What the task requires: Retype every record exactly. Leave the pictures out.
═════ Material provided
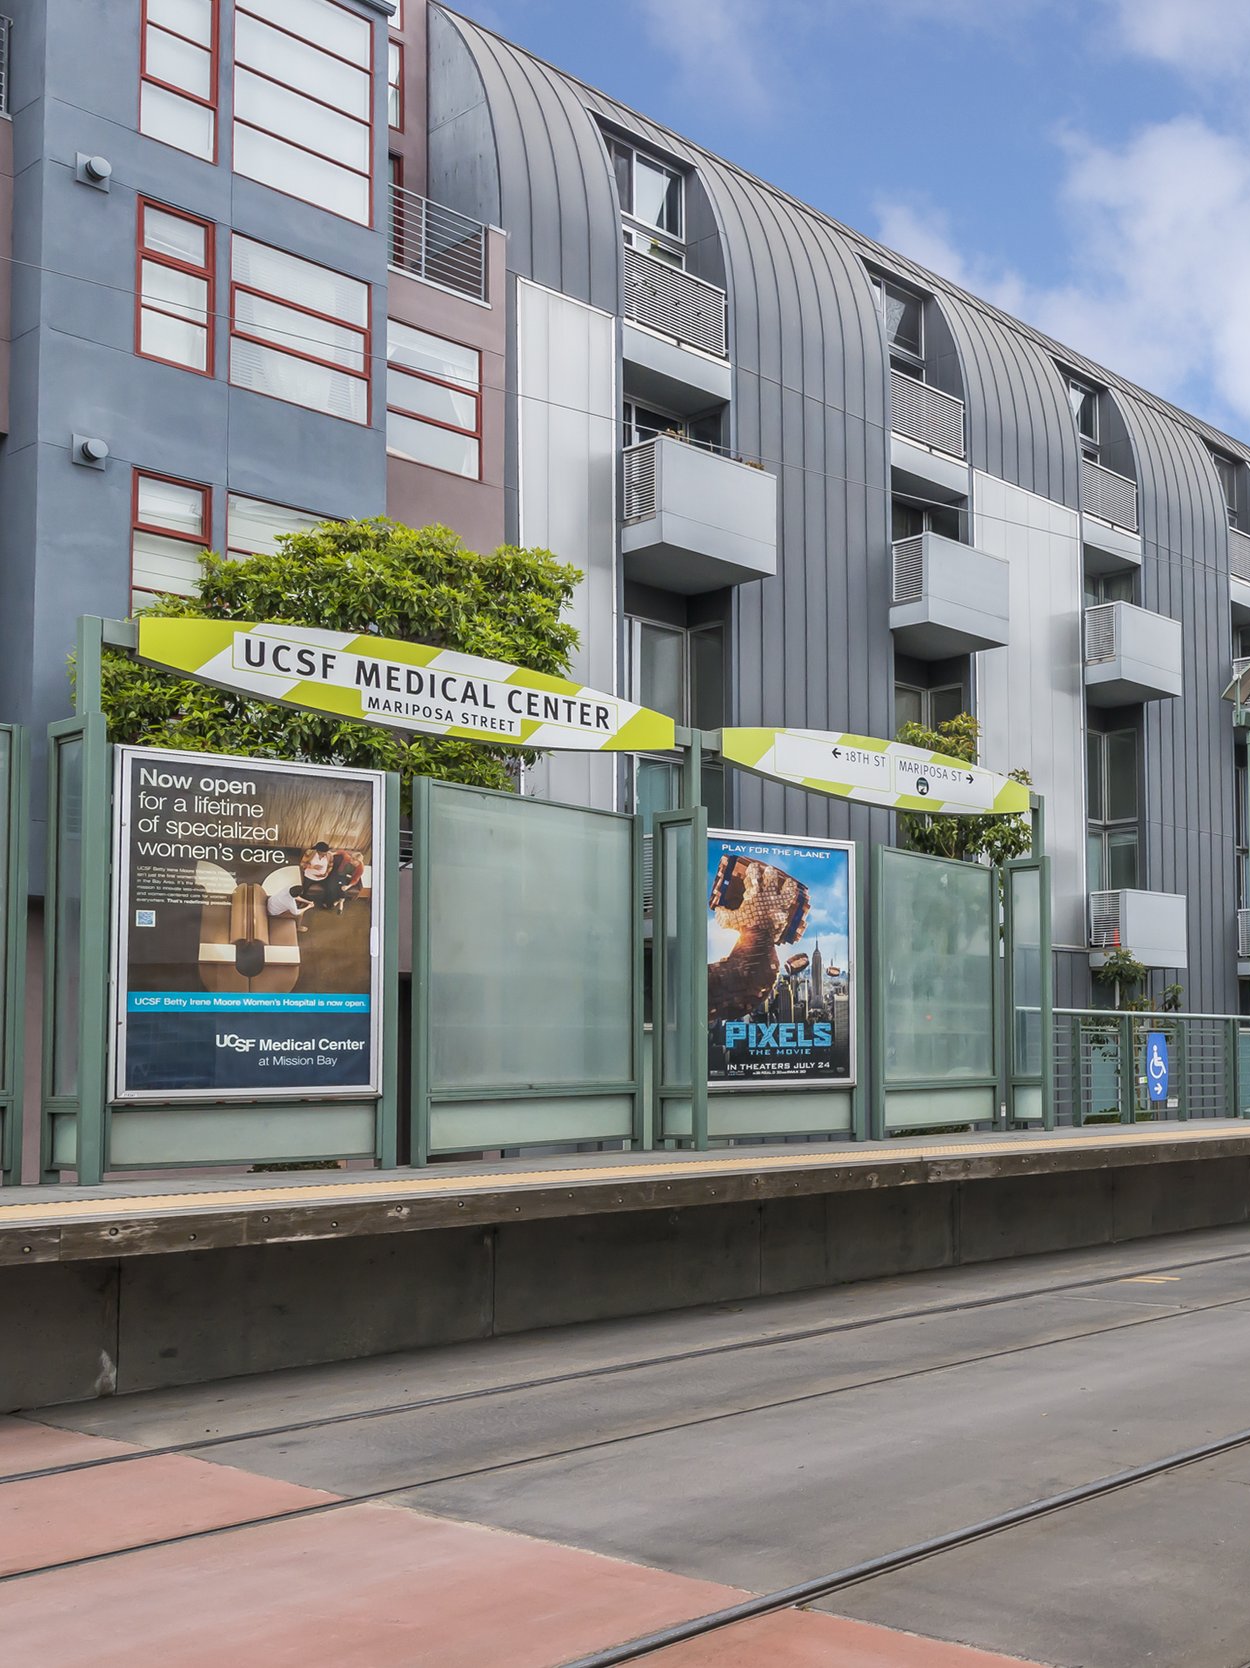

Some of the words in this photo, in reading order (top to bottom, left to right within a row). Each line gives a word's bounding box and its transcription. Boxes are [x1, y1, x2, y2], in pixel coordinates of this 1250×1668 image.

[244, 638, 336, 679] UCSF
[355, 660, 496, 709] MEDICAL
[507, 689, 610, 730] CENTER
[367, 696, 454, 722] MARIPOSA
[460, 712, 515, 732] STREET
[846, 751, 870, 765] 18TH
[874, 756, 886, 768] ST
[140, 767, 193, 790] Now
[199, 776, 256, 796] open
[899, 760, 949, 780] MARIPOSA
[951, 771, 962, 782] ST
[138, 791, 167, 810] for
[174, 798, 188, 812] a
[194, 795, 264, 818] lifetime
[138, 815, 160, 833] of
[166, 820, 279, 841] specialized
[137, 841, 234, 861] women's
[240, 848, 289, 864] care.
[721, 844, 746, 853] PLAY
[749, 846, 769, 854] FOR
[771, 847, 791, 856] THE
[793, 849, 831, 859] PLANET
[134, 997, 161, 1006] UCSF
[163, 998, 187, 1007] Betty
[189, 998, 211, 1006] Irene
[213, 998, 241, 1006] Moore
[242, 998, 281, 1007] Women's
[282, 999, 316, 1008] Hospital
[318, 999, 325, 1007] is
[345, 1000, 366, 1008] open.
[215, 1034, 256, 1052] UCSF
[259, 1038, 315, 1051] Medical
[318, 1038, 365, 1051] Center
[725, 1021, 832, 1048] PIXELS
[258, 1057, 269, 1066] at
[272, 1056, 314, 1066] Mission
[316, 1055, 338, 1067] Bay
[776, 1048, 812, 1056] MOVIE
[726, 1063, 738, 1071] IN
[740, 1062, 791, 1071] THEATERS
[793, 1062, 815, 1070] JULY
[817, 1061, 831, 1069] 24
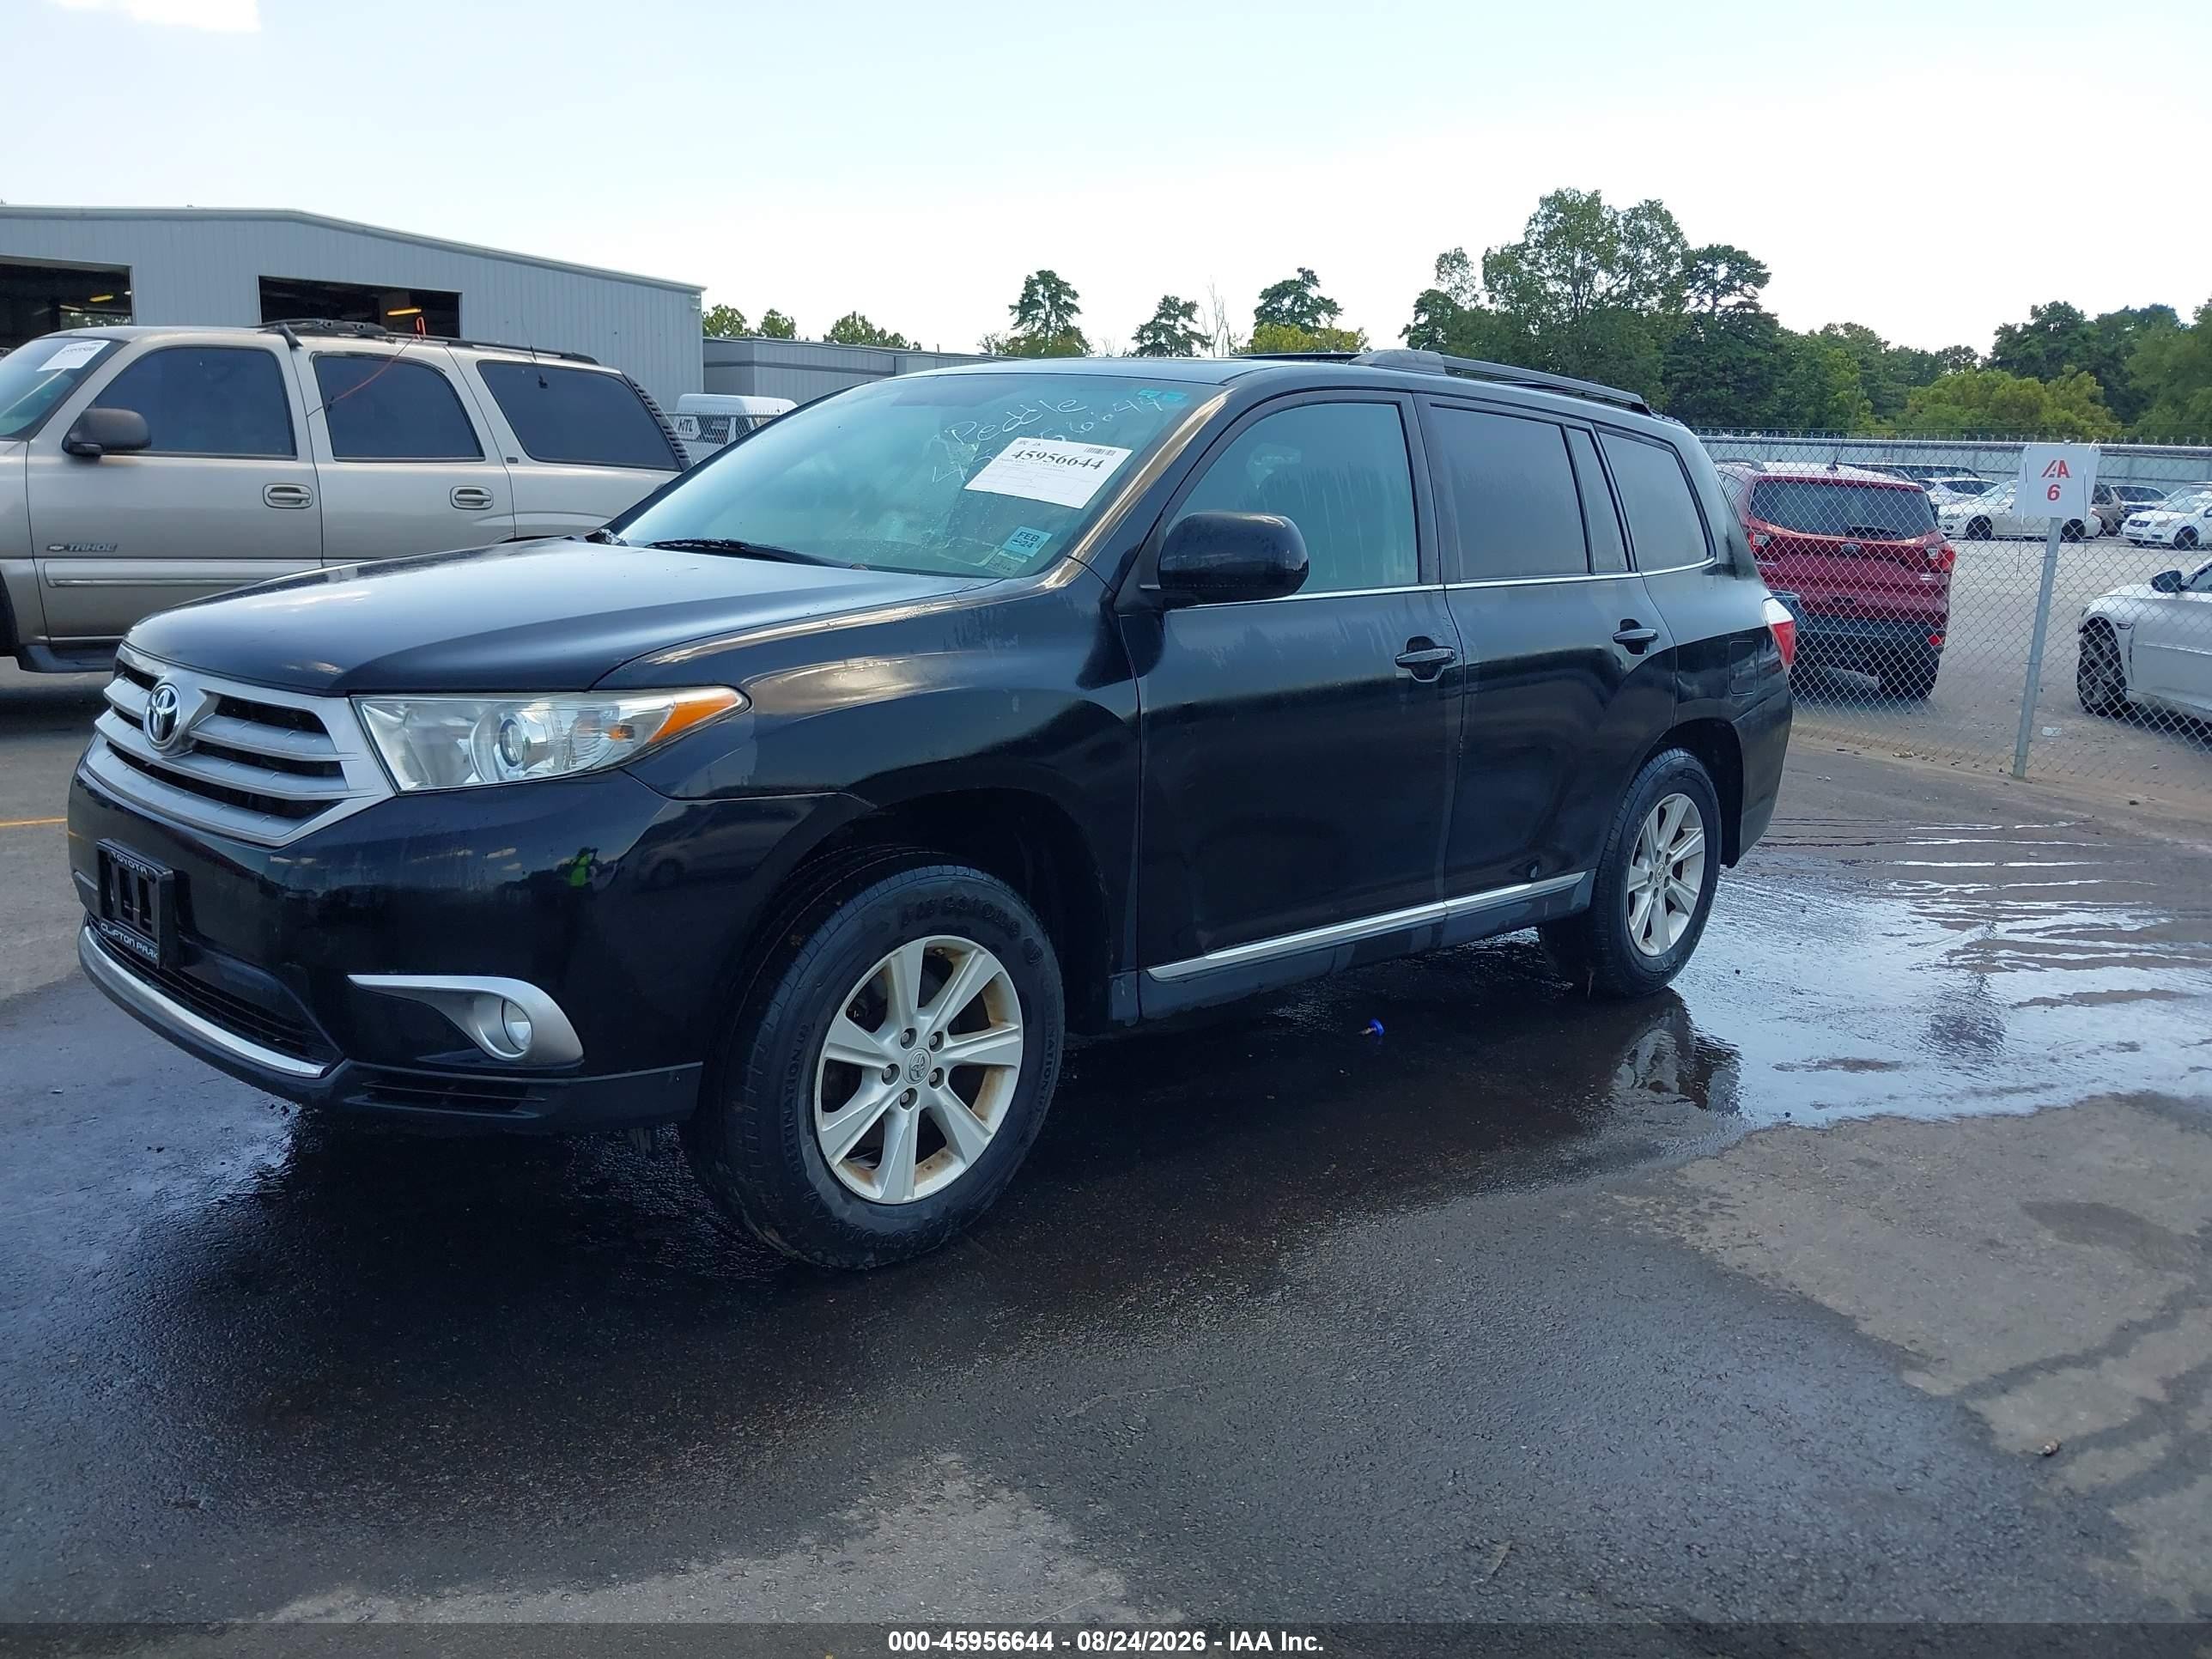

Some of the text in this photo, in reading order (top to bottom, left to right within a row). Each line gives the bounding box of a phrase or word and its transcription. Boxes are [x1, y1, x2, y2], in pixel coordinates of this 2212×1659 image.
══════════
Solution for this exercise:
Some of the words in this photo, in reading order (top to bottom, left to right within a row). Each line gives a word's bounding box and its transcription. Boxes are [x1, y1, x2, y2], in pixel coordinates of this 1250×1668 image.

[244, 638, 336, 679] UCSF
[355, 660, 496, 709] MEDICAL
[507, 689, 610, 730] CENTER
[367, 696, 454, 722] MARIPOSA
[460, 712, 515, 732] STREET
[846, 751, 870, 765] 18TH
[874, 756, 886, 768] ST
[140, 767, 193, 790] Now
[199, 776, 256, 796] open
[899, 760, 949, 780] MARIPOSA
[951, 771, 962, 782] ST
[138, 791, 167, 810] for
[174, 798, 188, 812] a
[194, 795, 264, 818] lifetime
[138, 815, 160, 833] of
[166, 820, 279, 841] specialized
[137, 841, 234, 861] women's
[240, 848, 289, 864] care.
[721, 844, 746, 853] PLAY
[749, 846, 769, 854] FOR
[771, 847, 791, 856] THE
[793, 849, 831, 859] PLANET
[134, 997, 161, 1006] UCSF
[163, 998, 187, 1007] Betty
[189, 998, 211, 1006] Irene
[213, 998, 241, 1006] Moore
[242, 998, 281, 1007] Women's
[282, 999, 316, 1008] Hospital
[318, 999, 325, 1007] is
[345, 1000, 366, 1008] open.
[215, 1034, 256, 1052] UCSF
[259, 1038, 315, 1051] Medical
[318, 1038, 365, 1051] Center
[725, 1021, 832, 1048] PIXELS
[258, 1057, 269, 1066] at
[272, 1056, 314, 1066] Mission
[316, 1055, 338, 1067] Bay
[776, 1048, 812, 1056] MOVIE
[726, 1063, 738, 1071] IN
[740, 1062, 791, 1071] THEATERS
[793, 1062, 815, 1070] JULY
[817, 1061, 831, 1069] 24

Some of the text in this photo, in reading order (top to bottom, left to right within a row). Each line gives the bounding box of a phrase or word and its transcription. Boxes are [x1, y1, x2, y2], in pixel coordinates of this 2212×1659 image.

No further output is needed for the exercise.